Each line in the material below, starting at the one that contains "this 1280×1280 image." and ending at the one that contains "Some of the words", should be repeated exactly; the pictures should not.

Material provided:
——————————

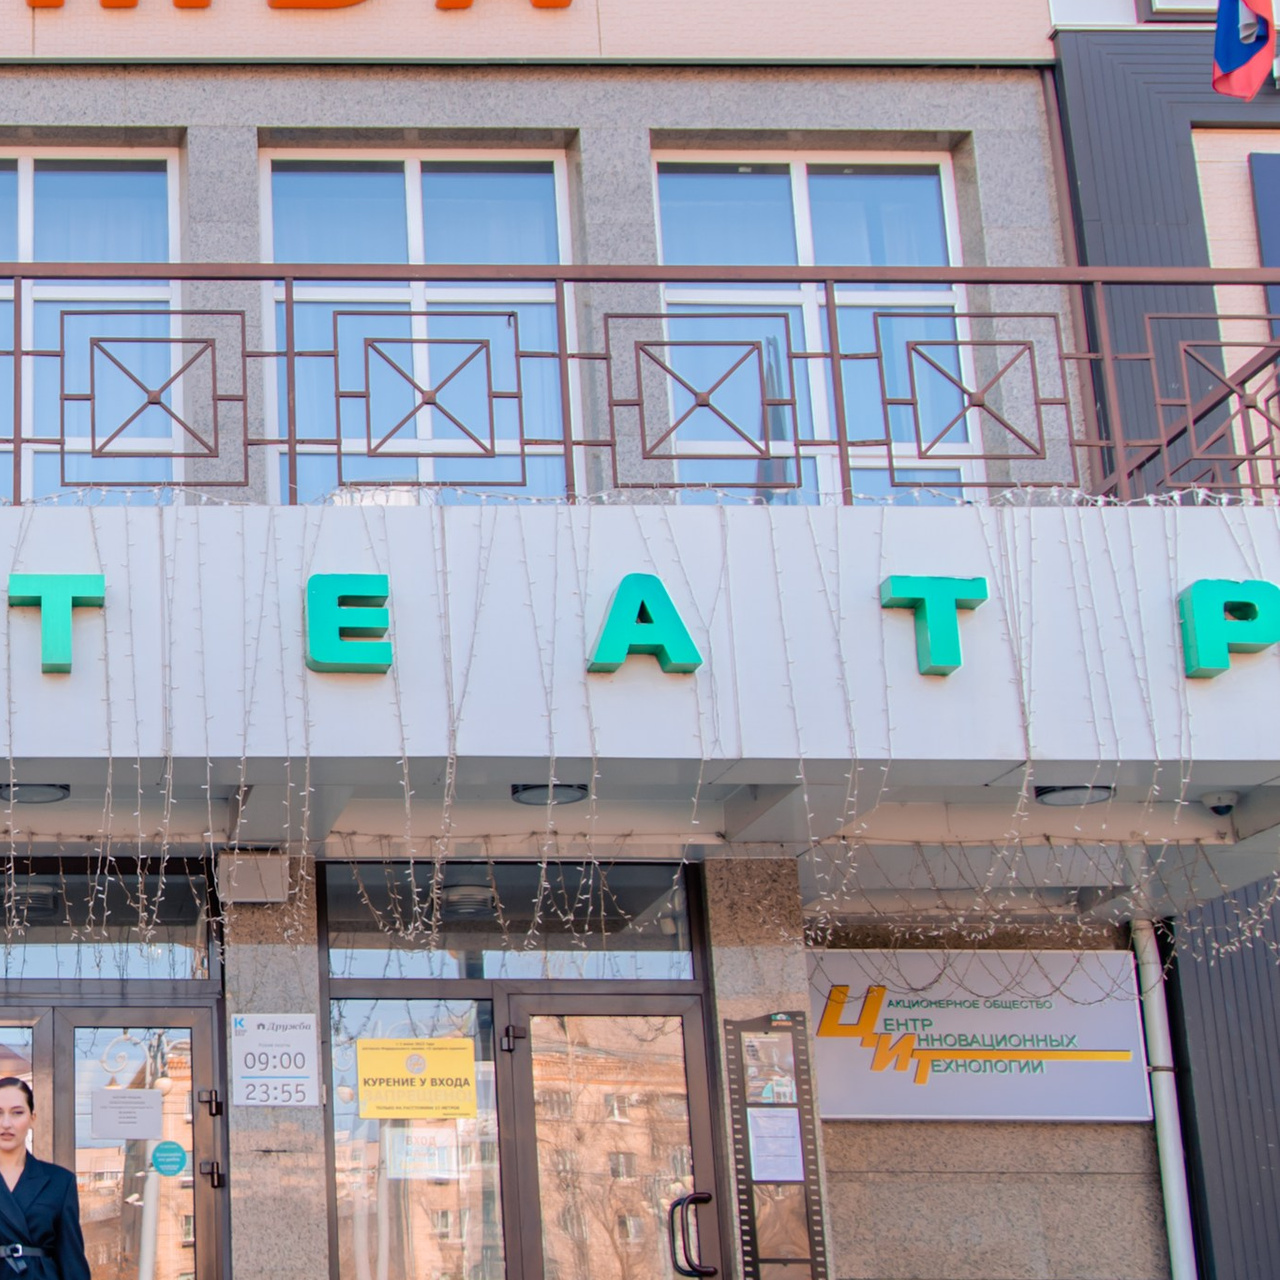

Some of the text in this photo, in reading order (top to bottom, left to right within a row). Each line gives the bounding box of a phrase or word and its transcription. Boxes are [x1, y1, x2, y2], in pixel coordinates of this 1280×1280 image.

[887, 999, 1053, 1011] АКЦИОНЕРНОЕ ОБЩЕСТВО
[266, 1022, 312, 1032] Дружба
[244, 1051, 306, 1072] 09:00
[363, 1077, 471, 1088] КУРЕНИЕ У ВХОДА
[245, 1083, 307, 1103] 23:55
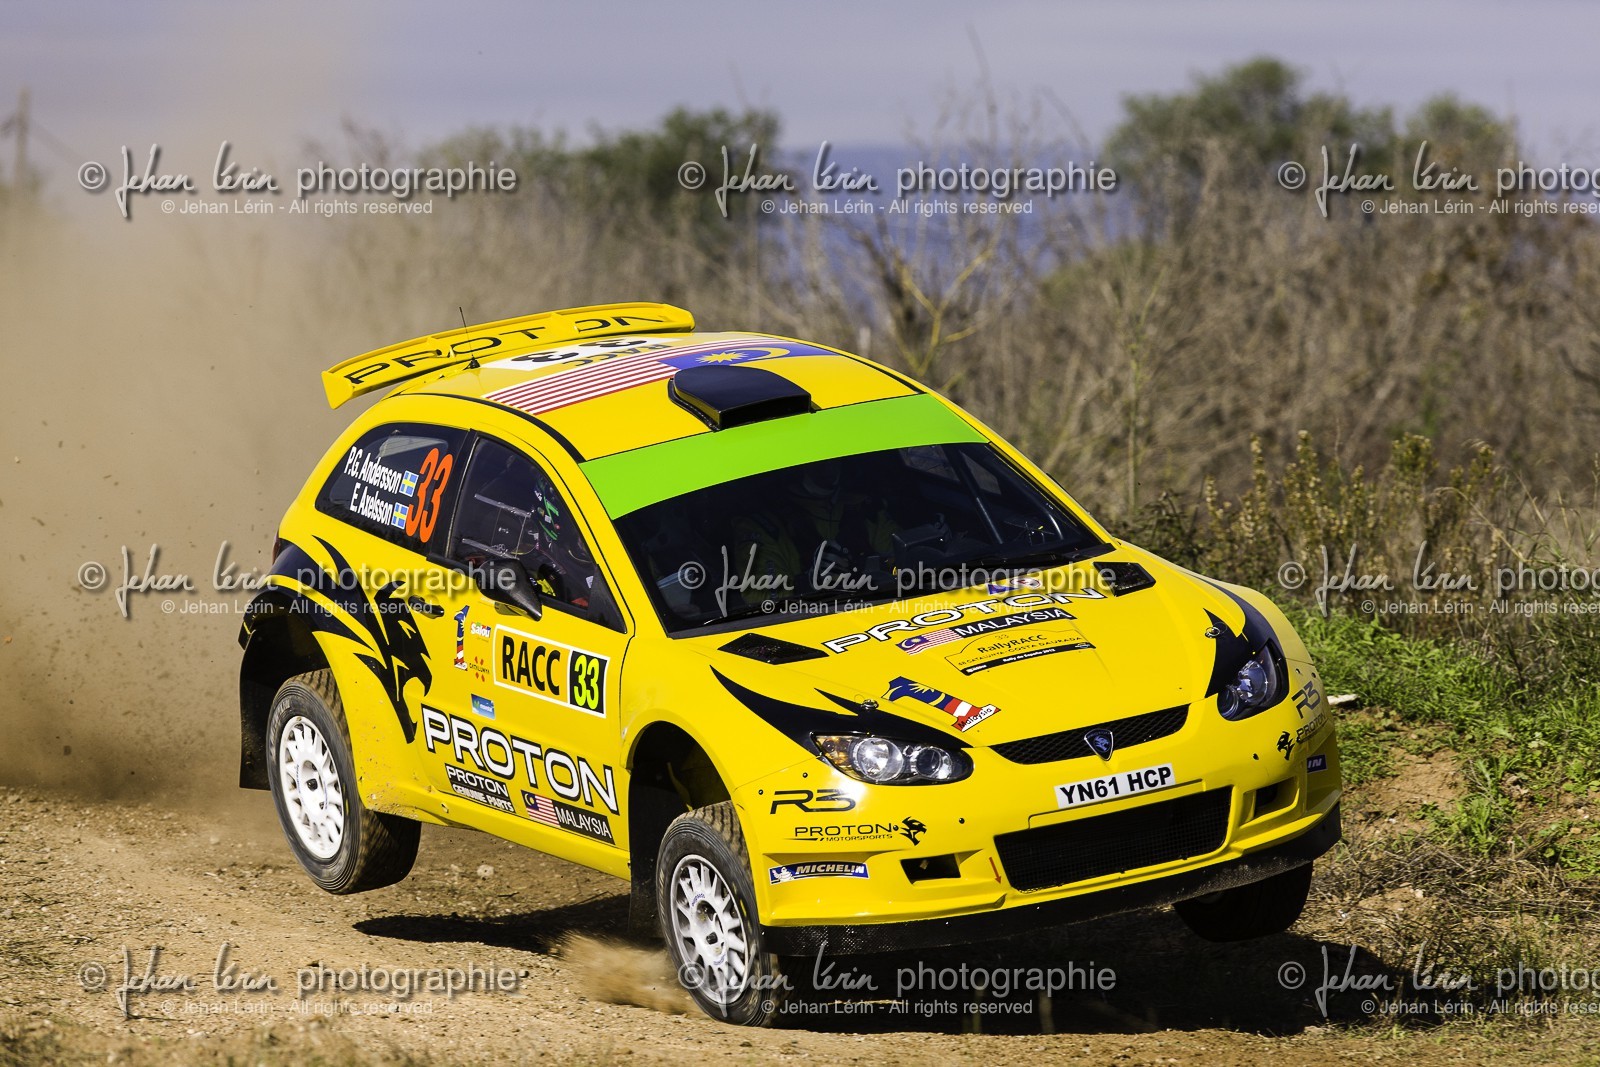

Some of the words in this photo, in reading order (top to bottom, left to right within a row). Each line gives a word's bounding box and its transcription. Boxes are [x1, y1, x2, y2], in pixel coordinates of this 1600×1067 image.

——————————

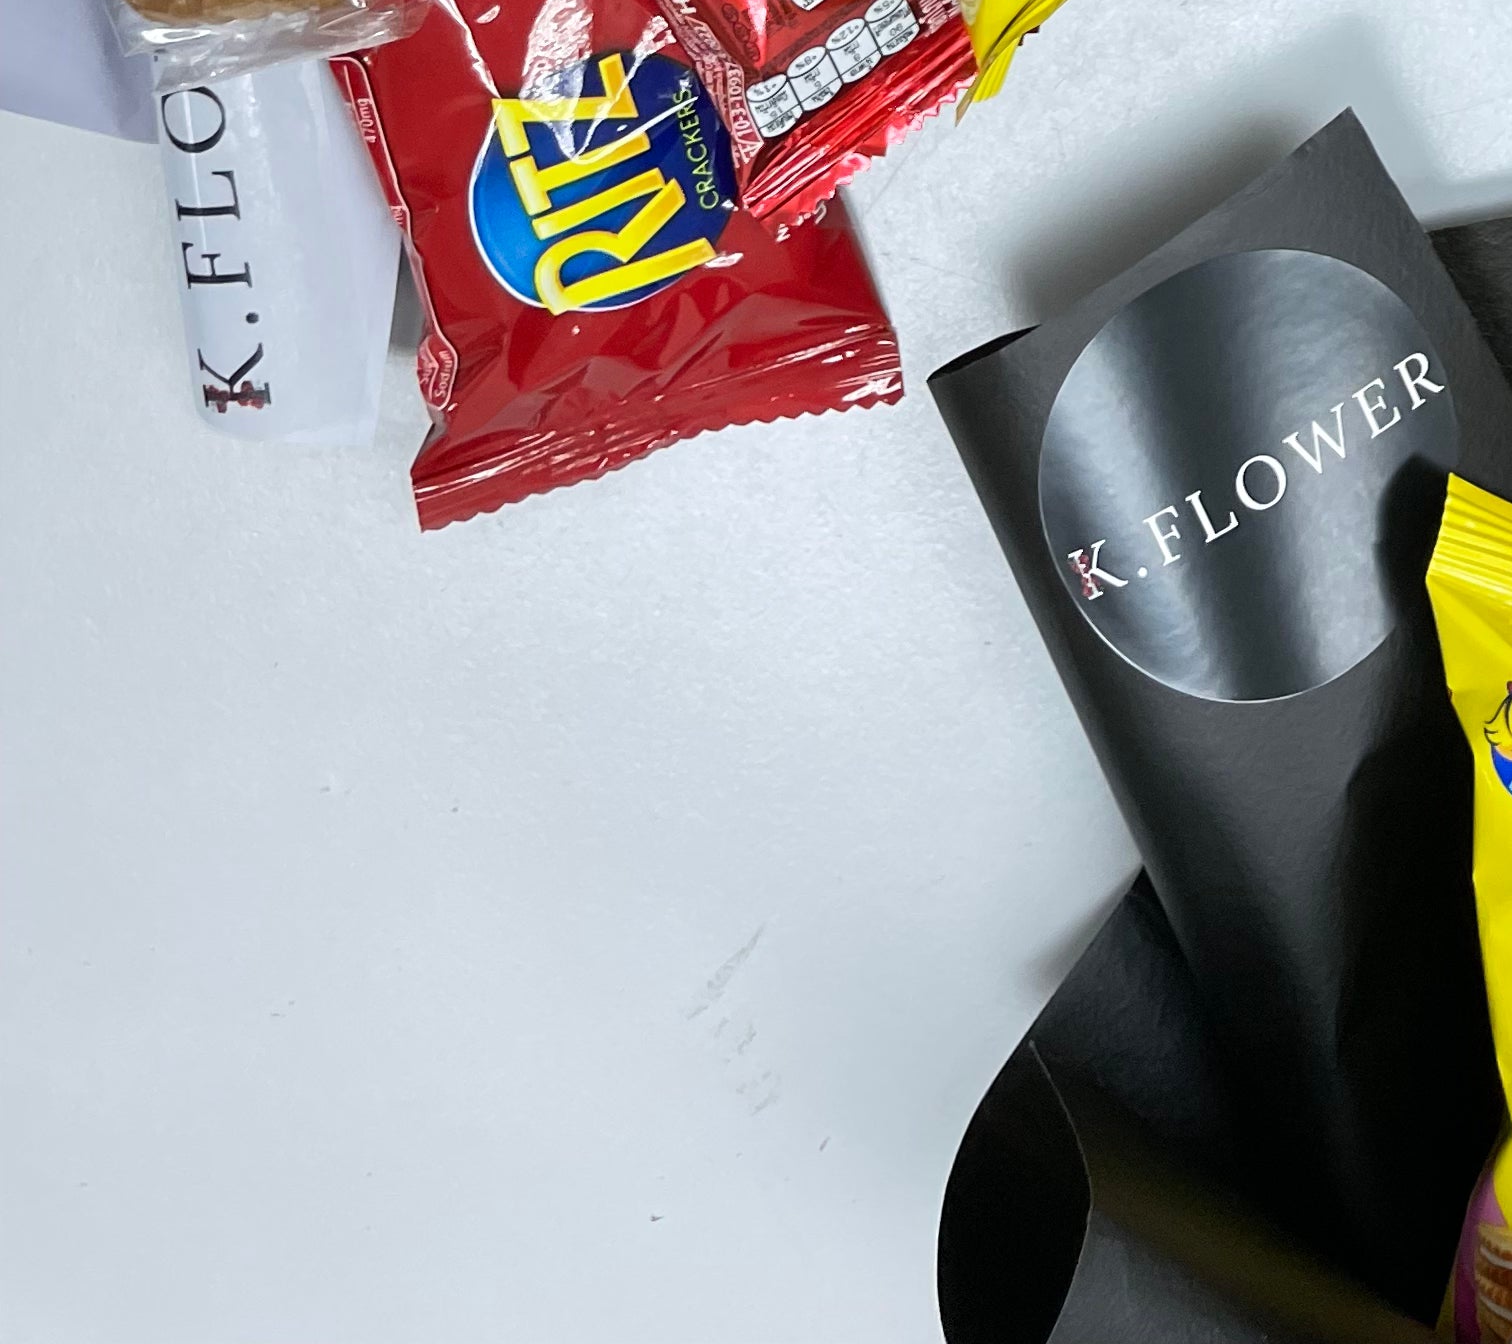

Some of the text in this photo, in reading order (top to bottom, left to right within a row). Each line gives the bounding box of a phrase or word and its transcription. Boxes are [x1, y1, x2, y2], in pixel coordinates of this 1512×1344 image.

——————————

Result of this exercise:
Some of the text in this photo, in reading order (top to bottom, left to right within a row). Each line gives the bounding box of a phrase or word and its transcription. Boxes are [x1, y1, x2, y2], in pixel coordinates of this 1280×1280 image.

[887, 999, 1053, 1011] АКЦИОНЕРНОЕ ОБЩЕСТВО
[266, 1022, 312, 1032] Дружба
[244, 1051, 306, 1072] 09:00
[363, 1077, 471, 1088] КУРЕНИЕ У ВХОДА
[245, 1083, 307, 1103] 23:55

Some of the words in this photo, in reading order (top to bottom, left to right within a row). Each line gives a word's bounding box and its transcription. Boxes are [x1, y1, x2, y2], in pixel coordinates of this 1600×1067 image.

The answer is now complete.